Erich Eder von den AgnostikerInnen und AtheistInnen für ein säkulares Österreich fordert unabhängige Ombudsstellen. „Bei aller Anerkennung für die Bemühungen der aktuellen Kirchenleitung hat sich gezeigt, dass das Vertrauen der Opfer in die kirchlichen Anlaufstellen nicht allzu groß ist. Abgesehen davon zeigt der jetzige Skandal, dass es in Österreich für Missbrauchsopfer nicht genügend Anlaufstellen gibt, egal wo der Missbrauch passiert. Die sind oft genug im Stich gelassen worden. Das muss geändert werden.“ Wolfgang Huber von der Allianz für Humanismus und Atheismus fordert ein umfassendes Opferhilfepaket. „Hier muss es Entschädigungen geben, ähnlich wie in Irland und in Deutschland. Allerdings will ich nicht, dass wieder einmal die SteuerzahlerInnen einspringen müssen, damit Opfer kirchlichen Missbrauchs zu ihrem Recht kommen.
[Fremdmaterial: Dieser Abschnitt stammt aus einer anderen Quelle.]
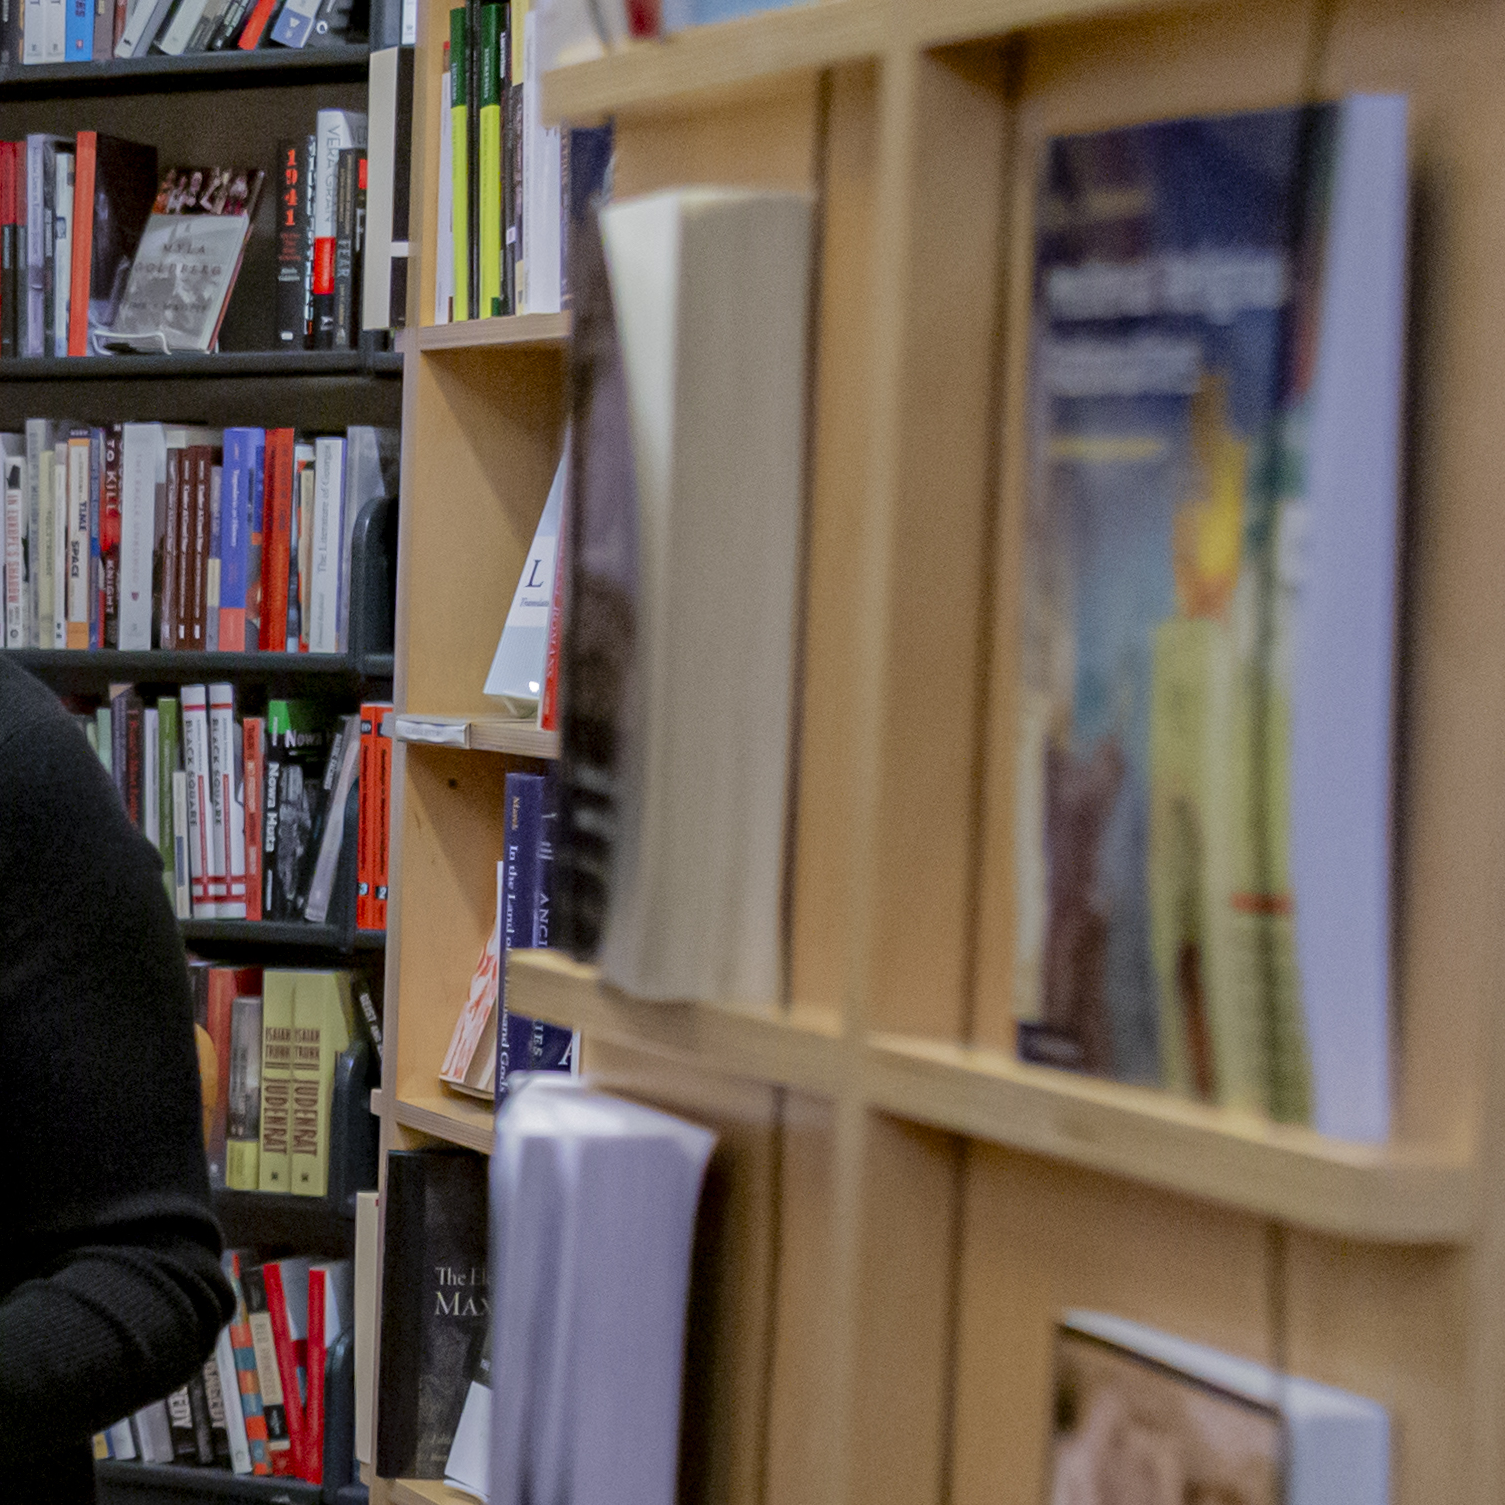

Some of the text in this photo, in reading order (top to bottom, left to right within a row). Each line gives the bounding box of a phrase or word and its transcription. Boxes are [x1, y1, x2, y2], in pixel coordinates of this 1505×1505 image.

Das muss die Kirche selbst erledigen.“

Heinz Oberhummer vom Zentralrat der Konfessionsfreien plädiert: „KatholikInnen müssen sich überlegen, ob sie eine Einrichtung, in der systematisch Kindesmissbrauch vertuscht wurde, unterstützen wollen. Für alle, die es nicht wollen, kann ich nur die Seite www.kirchenaustritt.at empfehlen“, sagt Oberhummer.